I have a 03 Passat w8 sedan. I purchased the car after it was 6 months old it only had 8k miles on it. the dealers family drove the car.
I've been happy with it. I've regularly had the dealership change the oil between 5k-7k (well below the 10k recommended). the day before my scheduled second 40k maintenance, my engine light came on. 
the dealer replaced the secondary exhaust valves (sda valves?) cause they were sticking. a week later the engine light came back on. 

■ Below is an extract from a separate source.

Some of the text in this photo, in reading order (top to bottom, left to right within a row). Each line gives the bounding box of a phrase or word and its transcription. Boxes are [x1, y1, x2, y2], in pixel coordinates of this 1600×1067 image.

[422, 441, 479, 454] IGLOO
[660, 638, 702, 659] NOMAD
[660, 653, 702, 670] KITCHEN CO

I brought it back to the dealer....they want 6k to clean the sludge out of the motor. this is an excerpt of the mech's notes:
"checked out found codes for SDA and temp sensor in radiator. Found that temp sensor is shorted. needs new sensor. checked the sda system and found all components ok. called tech line and was told to check out the pump wiring for the sda. found ok. also was told to check for blockage in cyhl heads. found blockage. need to remove and install cyl heads. would have to change timing chains. motor also need to be removed"

so I'm looking at a combined bill of 8k in two weeks. for a car that is worth 12k-14k
so I'm reeling a bit over this...i don't have a good feeling about moving forward with a 6k engine "cleaning". especially since the car runs fine..other than the engine light
1) why would vw tech line tell them to check for this?
2) why would my engine sludge up when I change the oil more often than what is recommended?
DO they have an engineering issue?
I don't even have a warm feeling that they are sure that sludge is to blame. it seems a bit like a 6k speculation. 

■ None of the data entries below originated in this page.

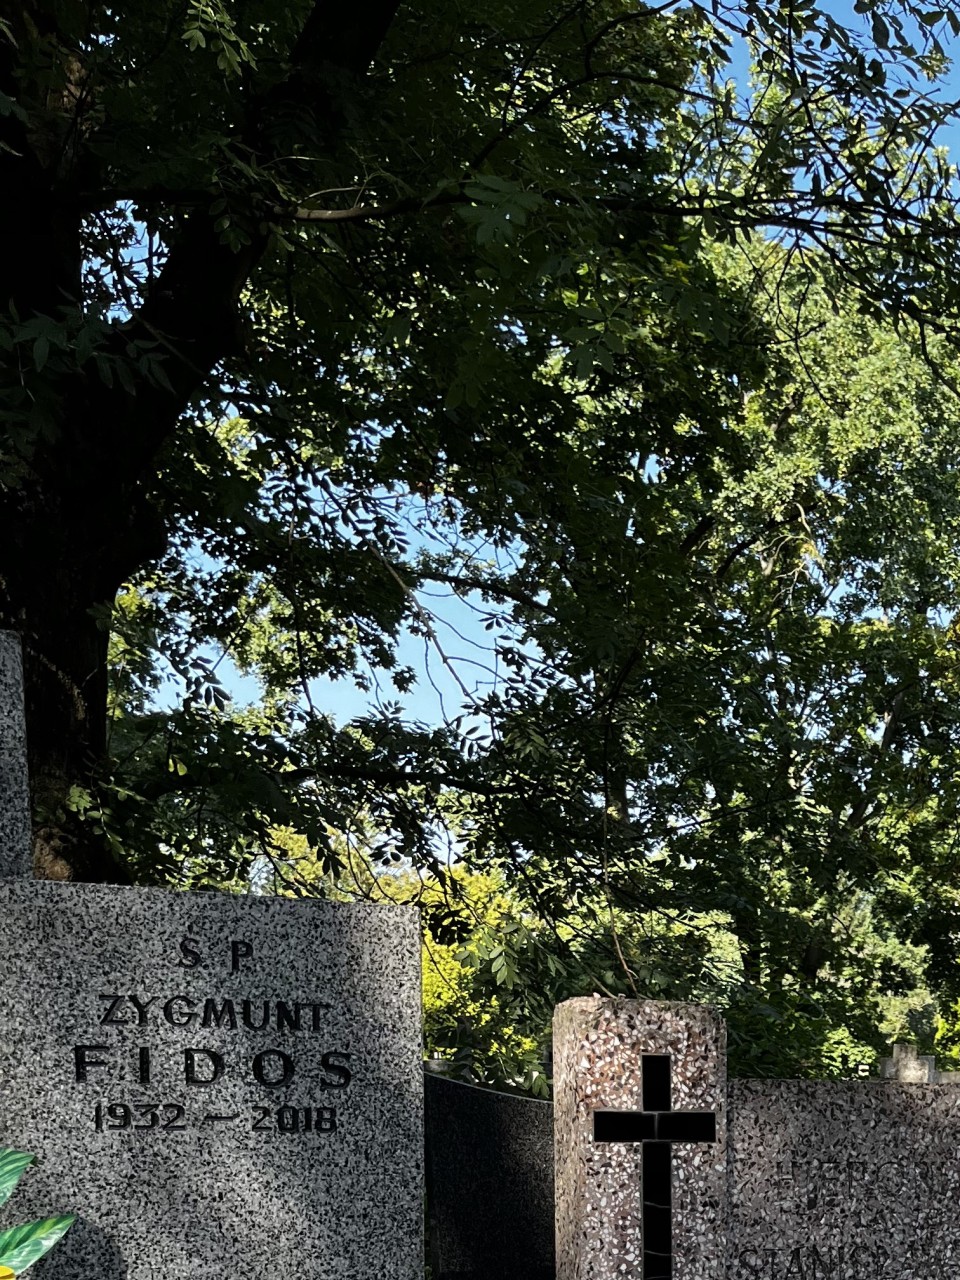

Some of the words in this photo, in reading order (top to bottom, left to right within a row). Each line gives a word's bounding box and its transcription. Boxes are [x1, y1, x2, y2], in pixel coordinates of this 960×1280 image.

[230, 940, 254, 972] P
[99, 994, 331, 1032] ZYGMUNT
[73, 1044, 353, 1090] FIDOS
[95, 1102, 186, 1131] 1932
[251, 1105, 337, 1133] 2018

I've been VERY happy about the dealer's service and I love my w8...but geesh this is crazy. 
has anyone else experience this? does anyone have any thoughts to proceed with this? are there any cheaper alternatives? can I use some sort of oil or fuel additive to clean gunk out of the motor?


----------



## seatowjoe (Aug 29, 2004)

*Re: engine sludge? (akmp)*

Post these questions over at http://www.w8forum.dk/ , you may have better luck over there, - it is a w8 specific site.


----------



## Vortexpert (Apr 17, 2008)

*Re: engine sludge? (akmp)*

how many mile are on your car? 
if you have your regular maintenence at the dealer then why would this not be powertrain? powertrain is 5yr/60k miles. the 1.8T passats have a sludge "issue". that warranty is 10yr/unlimited miles. 
depending on your inservice date, you may be out of warranty. good luck hope they take care of you.


----------



## faisal_in_laurel (May 28, 2008)

_Quote »_how many mile are on your car? 
if you have your regular maintenence at the dealer then why would this not be powertrain? powertrain is 5yr/60k miles. the 1.8T passats have a sludge "issue". that warranty is 10yr/unlimited miles.

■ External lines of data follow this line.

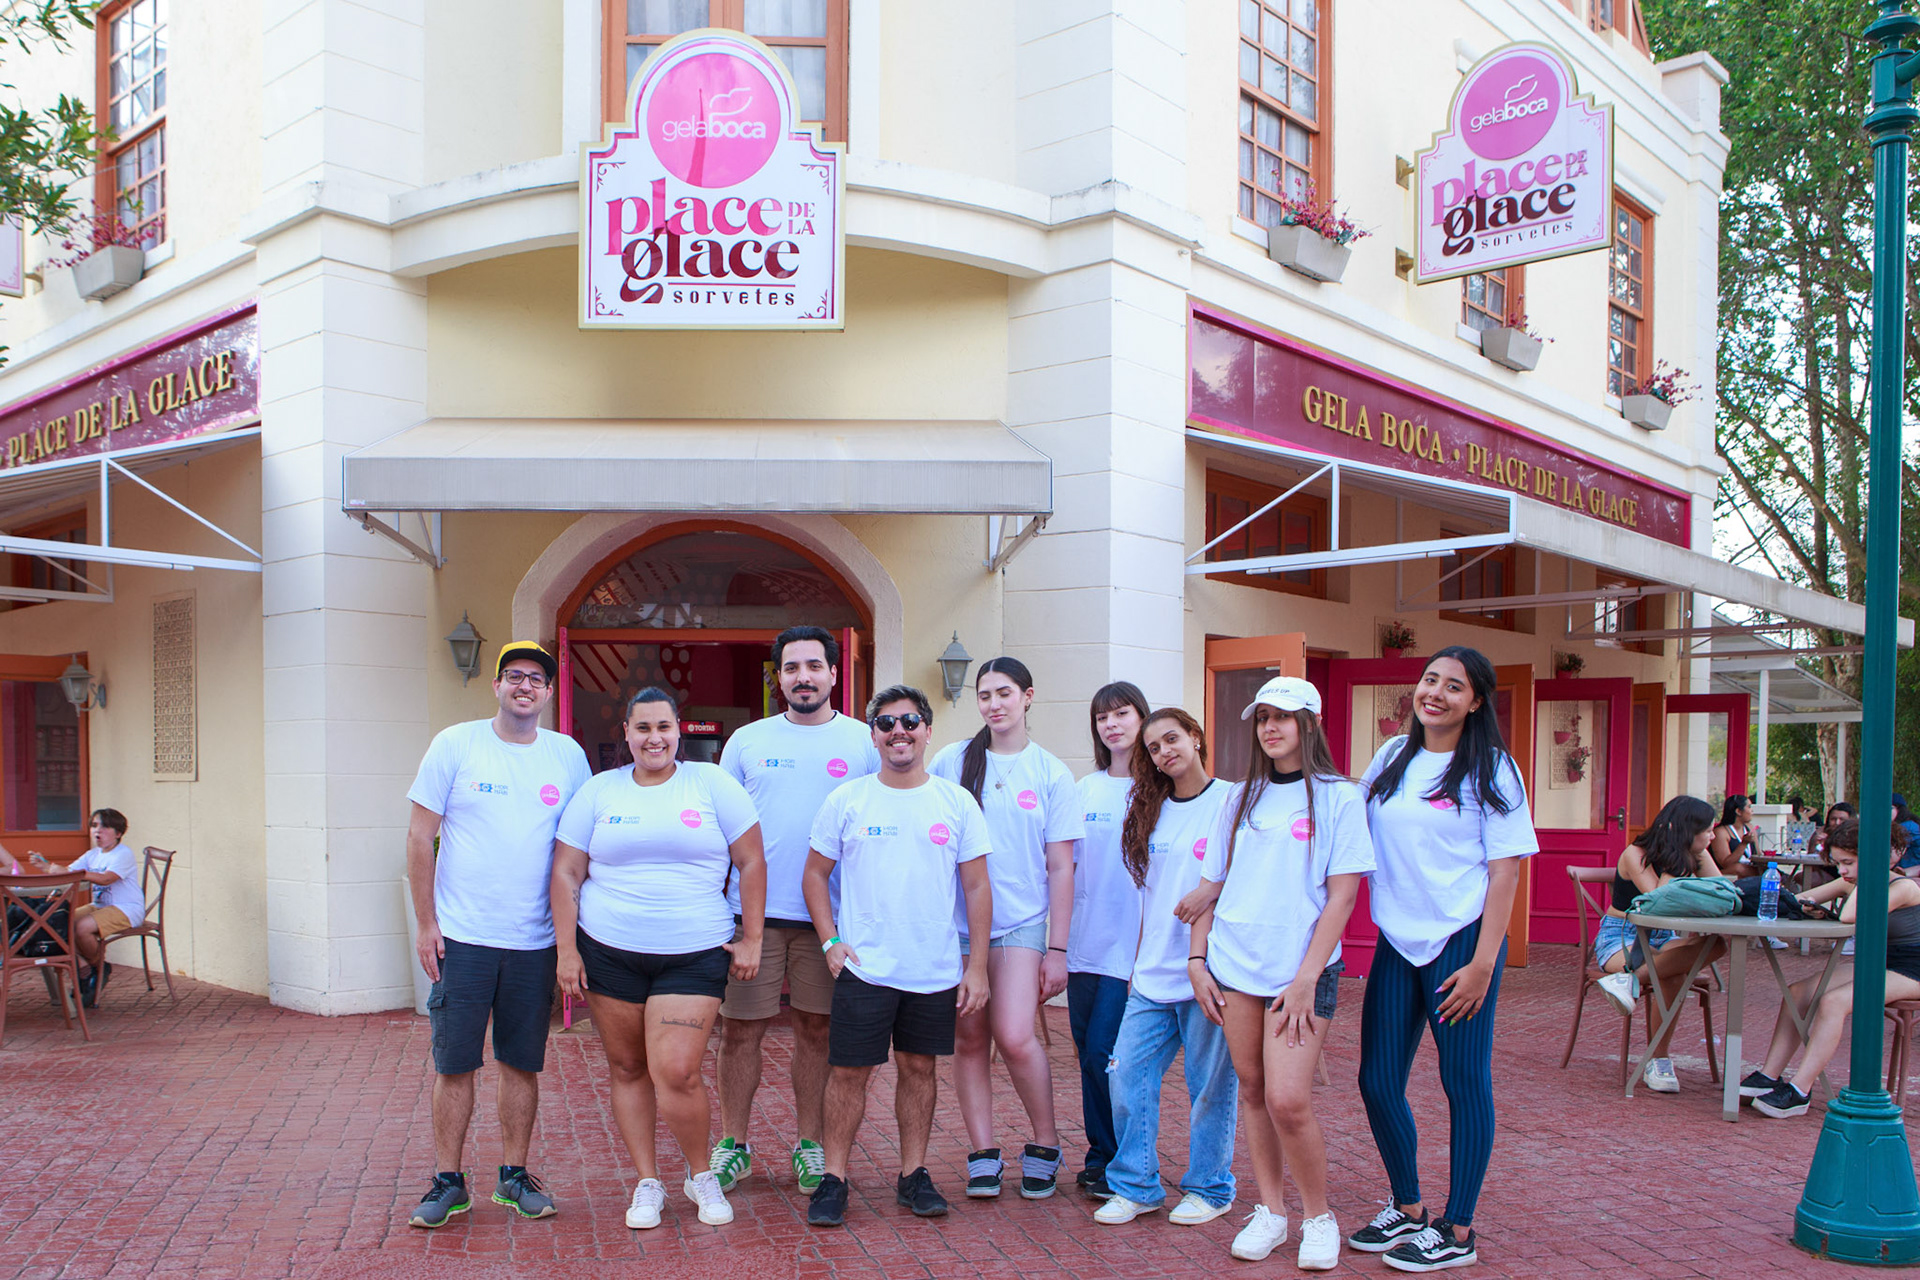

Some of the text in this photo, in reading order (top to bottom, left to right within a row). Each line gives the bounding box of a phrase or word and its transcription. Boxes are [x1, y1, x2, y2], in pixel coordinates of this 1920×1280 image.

[662, 115, 766, 142] gelaboca
[1470, 97, 1548, 133] gelaboca
[1431, 150, 1588, 227] place DE
[1565, 163, 1589, 180] LA
[604, 177, 815, 256] place DE
[788, 219, 816, 236] LA
[1442, 182, 1576, 257] glace
[1481, 221, 1573, 250] sorvetes
[619, 221, 800, 304] glace
[673, 288, 795, 306] sorvetes
[8, 350, 237, 468] PLACE DE LA GLACE
[1303, 385, 1638, 528] GELA BOCA PLACE DE LA GLACE

Is that a manufacturer warrenty?


----------



## VWGUY4EVER (Nov 17, 2000)

*Re: (faisal_in_laurel)*

Personally I have a hard time believing that ANY W8 engine would have a sludge issue with a NINE QUART capacity unless you went 40,000 miles without a single oil change....


----------



## akmp (Apr 17, 2008)

ya...to be clear this was at the 2nd 40 k service. I ahve 85k is mileage on the car. at this point the light has NOT come back on after they reexamined it.
I had the dealer change my oil in the 5-7k range. Below the 10k recommended. Why would anyone by a car/engine like this and not take care of it?
fingers crossed....


----------



## VWGUY4EVER (Nov 17, 2000)

*Re: (akmp)*


_Quote, originally posted by *akmp* »_ya...to be clear this was at the 2nd 40 k service. I ahve 85k is mileage on the car. at this point the light has NOT come back on after they reexamined it.
I had the dealer change my oil in the 5-7k range. Below the 10k recommended. Why would anyone by a car/engine like this and not take care of it?
fingers crossed....

Read my sig.. I can go on all day about neglected cars......


----------